Inwardly I wondered by what means the priceless gems had fallen into his hands. He read my thoughts at once, for he said:

“You are curious, of course, as to how I became possessed of them. Naturally. Well, Hargreave, it’s a very funny story and concerns a real good fellow and, incidentally, a very pretty girl. Take a cigar, sit down, and I’ll tell you frankly all about it – only, of course, not a word of the facts will ever pass your lips – not to Lola, or to anybody else. Your lips are sealed.”

“I promise,” I said, selecting one of his choice cigars and lighting it, my curiosity aroused.

“Then listen,” he said, “and I’ll tell you the whole facts, as far as I’ve been able to gather them.”

What he recounted was certainly romantic, though a little involved, for he was not a very good raconteur. However, in setting down this curious story – a story which shows that he was not altogether bad, and was a sportsman after all – I have rearranged his words in narrative form, so that readers of these curious adventures may fully understand.

“How horribly glum you are to-night, dear! What’s the matter? Are you sad that we should meet here – in Paris?” asked a pretty girl.

“Glum!” echoed the smooth-haired young man in the perfectly fitting dinner-jacket and black tie. “I really didn’t know that I looked glum,” and then, straightening himself, he looked across the table à deux in the gay Restaurant Volnay at the handsome, dark-haired, exquisitely dressed girl who sat before him with her elbows on the table.

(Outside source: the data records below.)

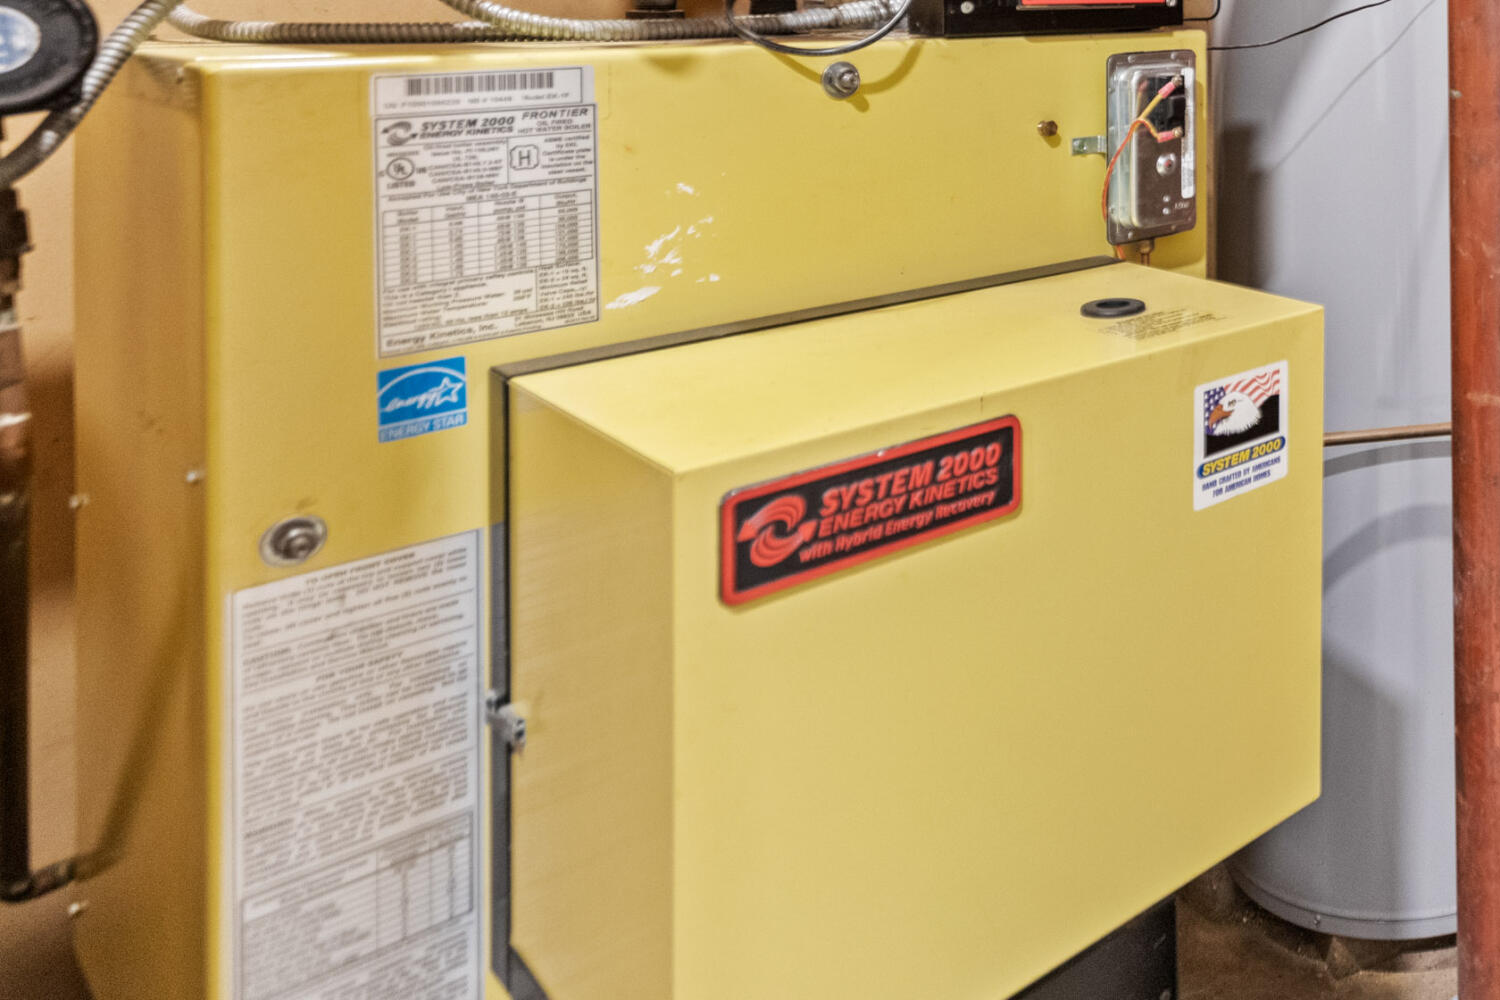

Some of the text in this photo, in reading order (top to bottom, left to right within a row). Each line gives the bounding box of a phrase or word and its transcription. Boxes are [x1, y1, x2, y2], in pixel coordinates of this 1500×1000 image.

[421, 116, 516, 132] SYSTEM 2000
[521, 108, 589, 121] FRONTIER
[419, 126, 514, 139] ENERGY KINETICS
[518, 151, 531, 167] H
[433, 414, 464, 431] STAR
[1202, 438, 1281, 477] SYSTEM 2000
[820, 441, 1002, 517] SYSTEM 2000
[1202, 455, 1281, 492] HAND CRAFTED BY AMERICANS
[1212, 469, 1271, 498] FOR AMERICAN HOMES
[817, 466, 999, 539] ENERGY KINETICS
[799, 490, 997, 563] with Hybrid Energy Recovery

“Yes, you really are jolly glum, my dear Old Thing. You looked a moment ago as serious as though you were going to a funeral,” declared the girl. “The war is over, you are prospering immensely – so what on earth causes you to worry?”

“I’m not worrying, dearest, I assure you,” he replied with a forced smile, but her keen woman’s intuition told her that her lover was not himself, and that his mind was full of some very keen anxiety.

Charles Otley had taken her to a most amusing play at the Palais-Royal, a comedy which had kept the house in roars of laughter all the evening, and now, as they sat at supper, she saw that his spirits had fallen to a very low ebb. This puzzled her greatly.

Peggy Urquhart, daughter of Sir Polworth Urquhart, of the Colonial Service, who until the Armistice had held a high official appointment at Hong Kong, was one of the smartest and prettiest young women in London Society. She was twenty-two, a thorough-going out-of-door girl who looked slightly older than she really was. Her father had retired as soon as war was over, and they had come to England. By reason of her mother being the daughter of the Earl of Carringford, she had soon found herself a popular figure in a mad, go-ahead post-war set.

She had known Charlie Otley soon after she had left Roedene – long before they had gone out to Hong Kong – and now they were back they were lovers in secret.

Charlie, who had been a motor engineer before he “joined up” in the war and got his D.S.O. and his rank as captain, had done splendidly. On being demobilized he had returned to his old profession, taking the managership of a very well-known Bond Street firm.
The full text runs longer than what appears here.